From the archive 19 - Educating the Gipsy: portable school in Surrey
From time immemorial gipsy encampments have been a characteristic of the long line of woods and heaths which curves from Dorking towards Guildford, and it is in Hurtwood - about midway on the loop - that the first gipsy school in England was opened on Monday.
It is the hope of the Surrey County Council, which is responsible for the experiment, that gipsy children will attend school regularly during the day and that evening classes will attract adult gipsies.
The educational venture has been planned on several practical lines.
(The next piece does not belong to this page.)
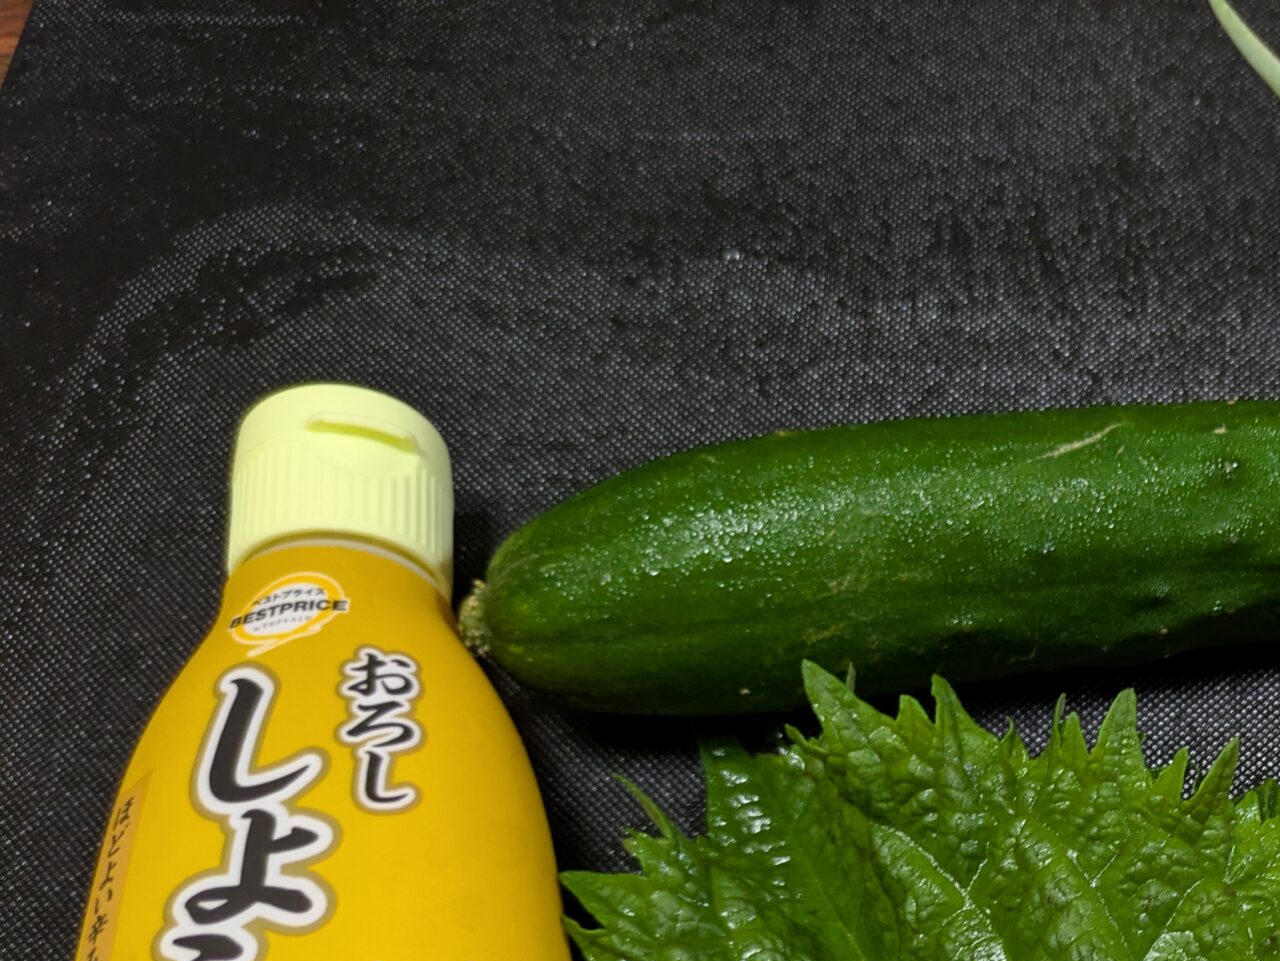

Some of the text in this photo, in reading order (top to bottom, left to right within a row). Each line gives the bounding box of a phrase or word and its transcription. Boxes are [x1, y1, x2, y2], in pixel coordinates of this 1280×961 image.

[229, 599, 350, 630] BESTPRICE
[345, 651, 416, 804] おろし
If and when, for one reason or the other, the community served by the school resumes its wanderings, the school will be transported to their next settlement. If not actually on wheels, the schoolroom - a temporary structure of wood and iron, built in sections - is easily portable, and can be taken down and put up elsewhere with the minimum of trouble and expenses. It is the intention of the schoolmaster, Mr AS Milner, who will be assisted in the school by his wife, to live in a caravan beside the school. Obviously the success of the experiment depends largely on the personality of the school master, for attendance at the school, though free, is voluntary, and it is a tribute to his understanding of the gipsy mentality that the school opened today with 40 pupils. There is at present no accommodation for more. The small cloakroom adjoining the school contains two baths, but all the pupils who attended the first class this morning appeared in new or newly washed pinafores. It would seem that this gipsy community has fully appreciated the advantages which the school has to offer them.
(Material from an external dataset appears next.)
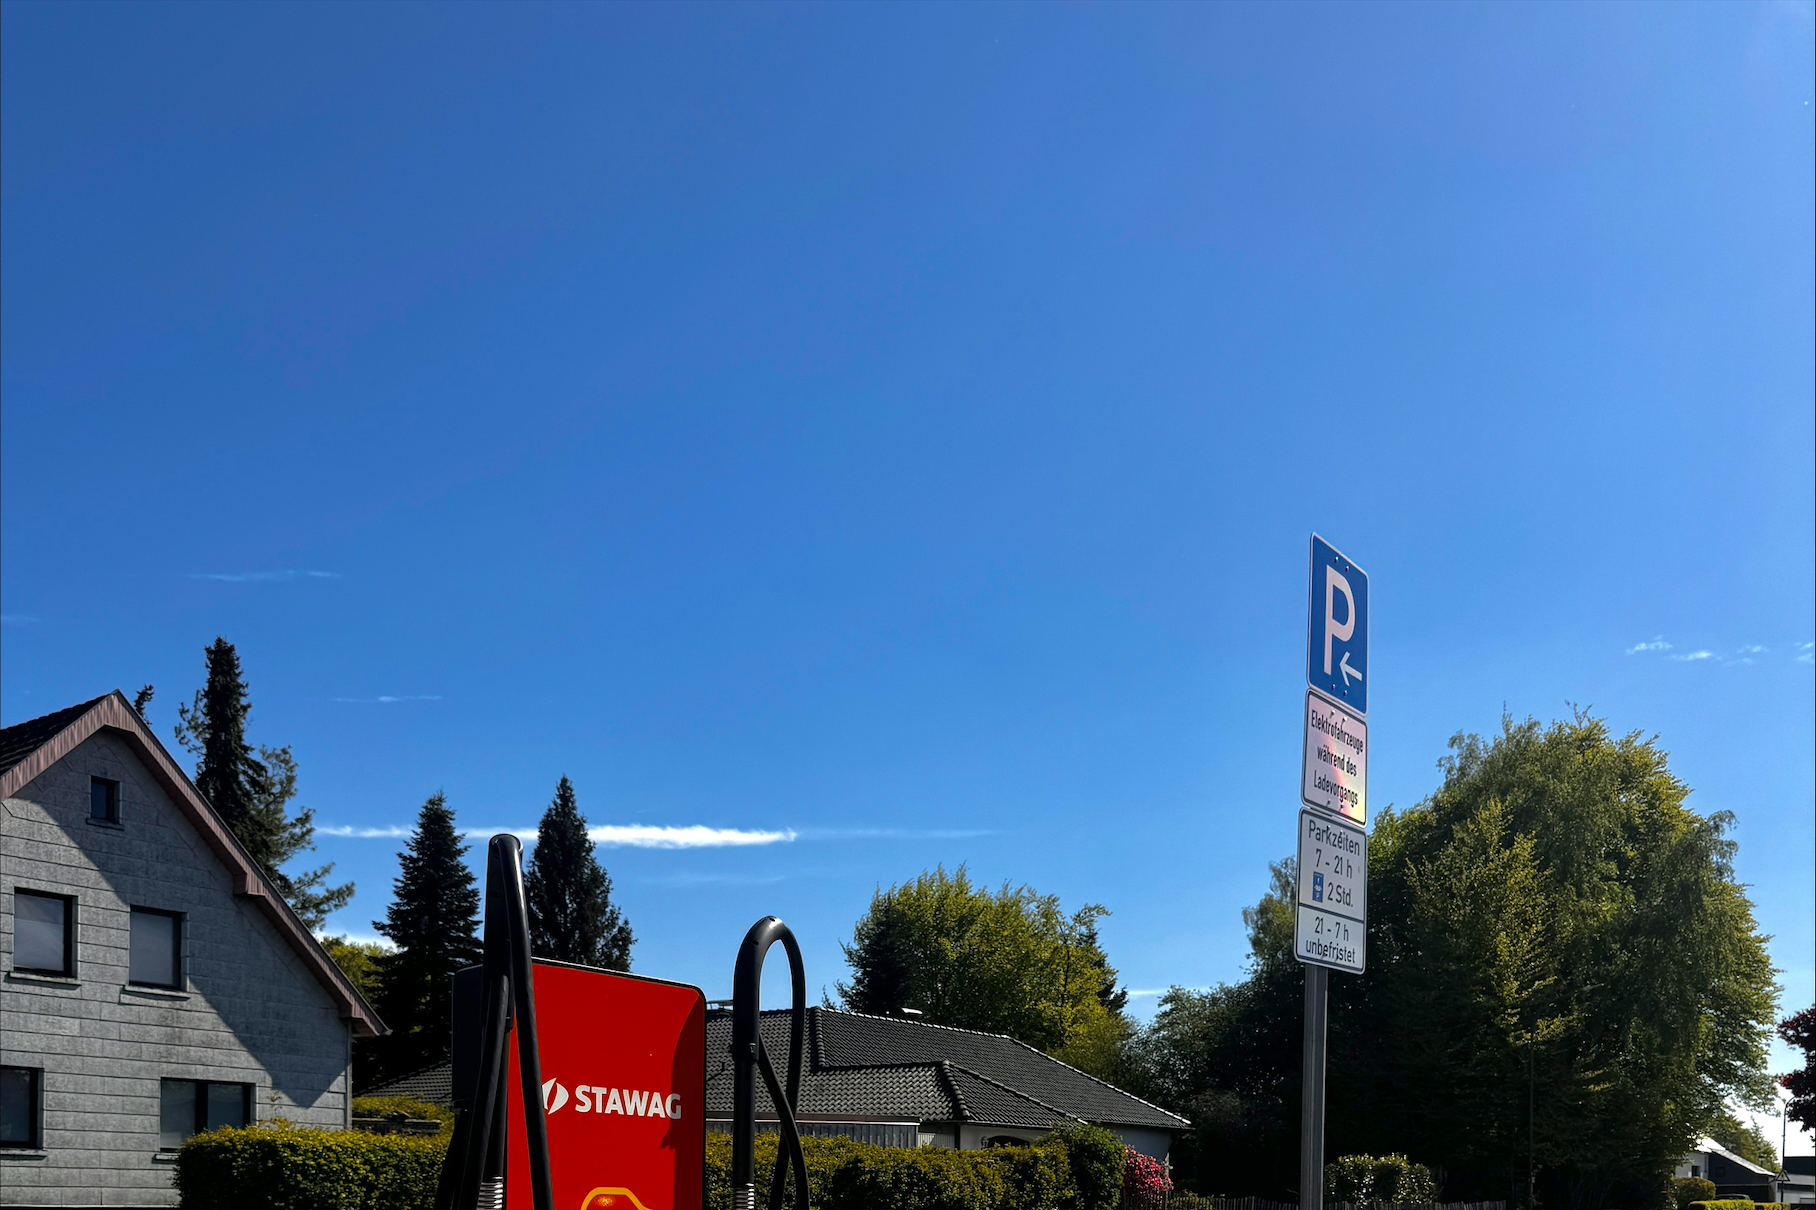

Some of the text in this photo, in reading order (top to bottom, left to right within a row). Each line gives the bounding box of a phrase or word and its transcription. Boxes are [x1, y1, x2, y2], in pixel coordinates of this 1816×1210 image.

The children will be taught the elements of reading, writing and arithmetic, but a great part of their time will be spent learning basketry, woodwork, rug-making, raffia work, and other hand crafts, as well as gardening. Although their ages range from four to 14 years, only four of them could either read or write, but although lacking in literary accomplishments they were obviously not dull-witted, and for the course of work which has been mapped out for them their nimble fingers make them promising pupils. At the night classes it will also be necessary to teach reading, writing and arithmetic, but most of the curriculum will be concerned with infant welfare work, boot making, and definitely utilitarian subjects. On Saturday nights the school room will be devoted to singing and dancing.
It is estimated that there are 100,000 gipsy children in the country who have never attended school. Hitherto their vagrant life has defied the wit of educationalists to encompass with a system.